Nonostante il pitch-shifter, la voce tocca vette interpretative che mancavano dai tempi del primo album e l’arrangiamento è dosato al millimetro, perché una nota di troppo potrebbe distruggere quell’equilibrio sottile o riempire un silenzio importante. James Blake è tornato alla solitudine, ma è come se fosse riuscito a liberarsi di quelle atmosfere piovose per una nuova dimensione meditativa, soleggiata. Ora nei silenzi riverberati della sua musica non c’è più un vuoto da riempire, o l’alienazione esplicita dei suoi primi testi, ma una sorta di quiete.
Come l’ultima If The Car Beside You Moves Ahead, il nuovo singolo parla di andare avanti, spezzare loop di pensieri pericolosi – “And you really haven’t thought all those cyclical thoughts for a while?” o “When you can’t believe your luck / You get to hang out with your favourite person everyday / Don’t Miss It” – e aprirsi a un orizzonte più grande.
Arrivati allo special, poi, è impossibile non notare l’influenza dei Radiohead, sia nei suoni che nell’incedere solenne del pianoforte. Sembra quasi che da un momento all’altro il brano possa trasformarsi in Everything in it’s Right Place, o Videotape.

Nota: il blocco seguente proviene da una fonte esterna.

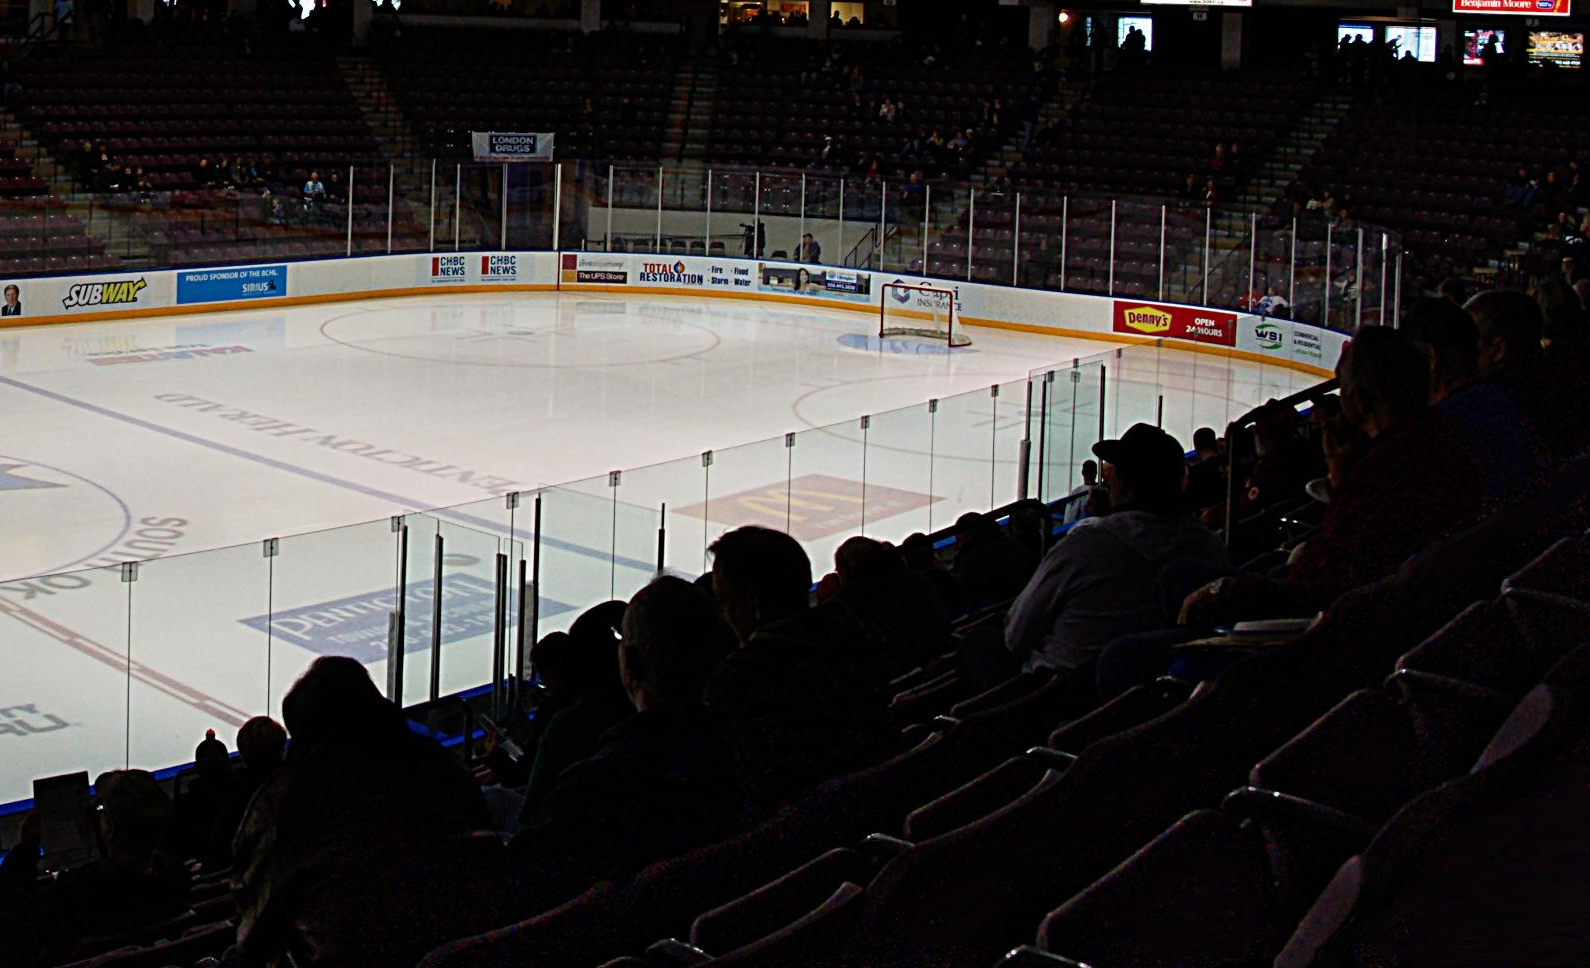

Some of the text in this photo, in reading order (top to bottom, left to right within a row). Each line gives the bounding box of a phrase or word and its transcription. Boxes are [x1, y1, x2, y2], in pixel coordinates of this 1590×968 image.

[492, 136, 534, 144] LONDON
[495, 144, 531, 152] DRUGS
[440, 256, 465, 266] CHBC
[490, 255, 516, 265] CHBC
[440, 267, 465, 276] NEWS
[490, 266, 516, 275] NEWS
[642, 263, 672, 274] TOTAL
[711, 265, 749, 276] Fire Flood
[185, 274, 208, 282] PROUD
[209, 272, 238, 281] SPONSOR
[240, 271, 248, 279] OF
[249, 270, 260, 278] THE
[579, 272, 624, 281] The UPS Store
[639, 272, 703, 284] RESTORATION
[711, 277, 751, 287] Storm Water
[242, 282, 269, 293] SIRIUS
[62, 277, 147, 309] SUBWAY
[1128, 311, 1169, 328] Denny's
[1194, 317, 1215, 327] OPEN
[1255, 329, 1283, 342] WSI

Con un brano così non servono video pomposi o grandi produzioni: è sufficiente riprendere il telefono di Blake mentre scrive il testo in una nota – “When you stop being a ghost in the shell / And everybody keeps saying you look well / Don’t miss it / Like i did” -, come facciamo tutti per i messaggi più difficili, per scegliere le parole importanti.